[To do]: The listing below should be written out word for word, with its pictures removed.

[Input material]:
****************
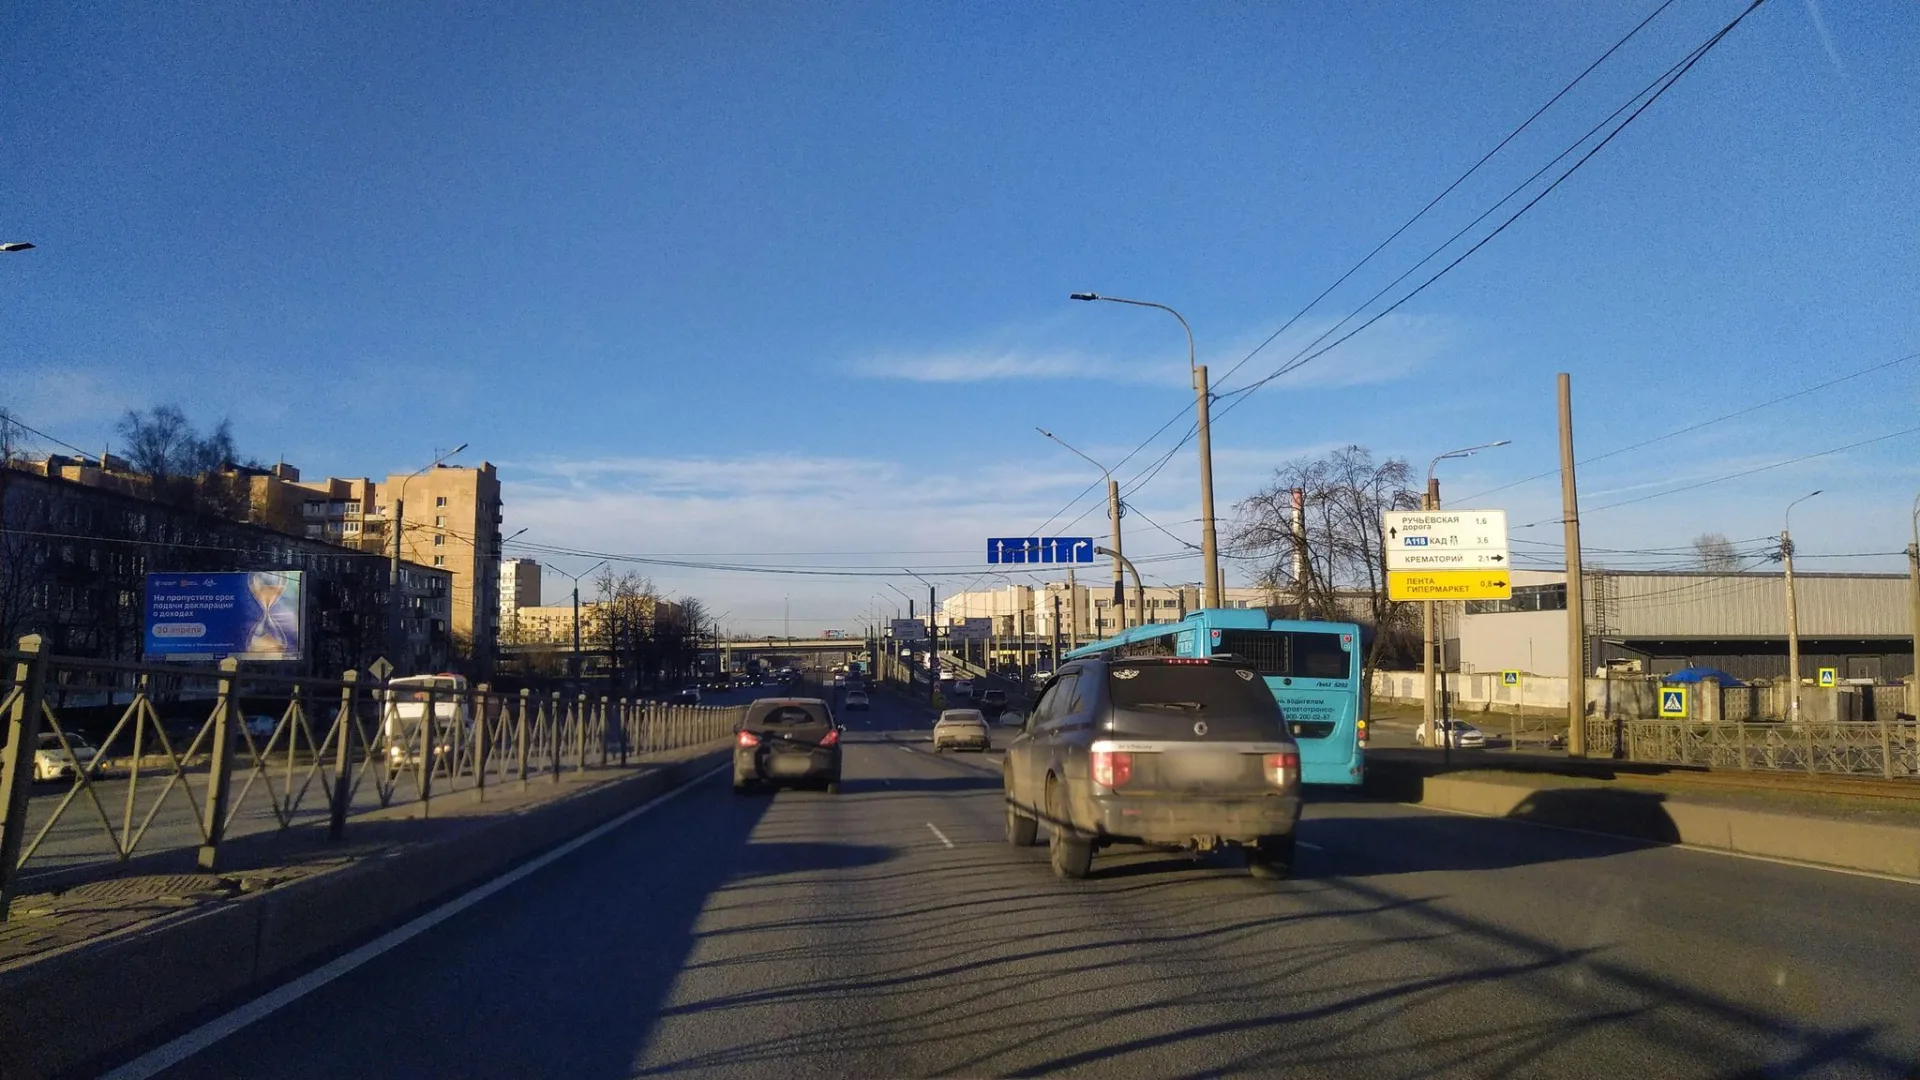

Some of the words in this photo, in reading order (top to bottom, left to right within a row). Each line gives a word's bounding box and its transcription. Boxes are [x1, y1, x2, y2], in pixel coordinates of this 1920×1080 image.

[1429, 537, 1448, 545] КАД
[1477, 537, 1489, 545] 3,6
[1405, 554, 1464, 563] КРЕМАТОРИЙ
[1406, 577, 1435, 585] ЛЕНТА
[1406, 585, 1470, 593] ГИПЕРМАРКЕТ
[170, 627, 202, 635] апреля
****************
[Answer box]:
Some of the words in this photo, in reading order (top to bottom, left to right within a row). Each line gives a word's bounding box and its transcription. Boxes are [x1, y1, x2, y2], in pixel coordinates of this 1920×1080 image.

[1429, 537, 1448, 545] КАД
[1477, 537, 1489, 545] 3,6
[1405, 554, 1464, 563] КРЕМАТОРИЙ
[1406, 577, 1435, 585] ЛЕНТА
[1406, 585, 1470, 593] ГИПЕРМАРКЕТ
[170, 627, 202, 635] апреля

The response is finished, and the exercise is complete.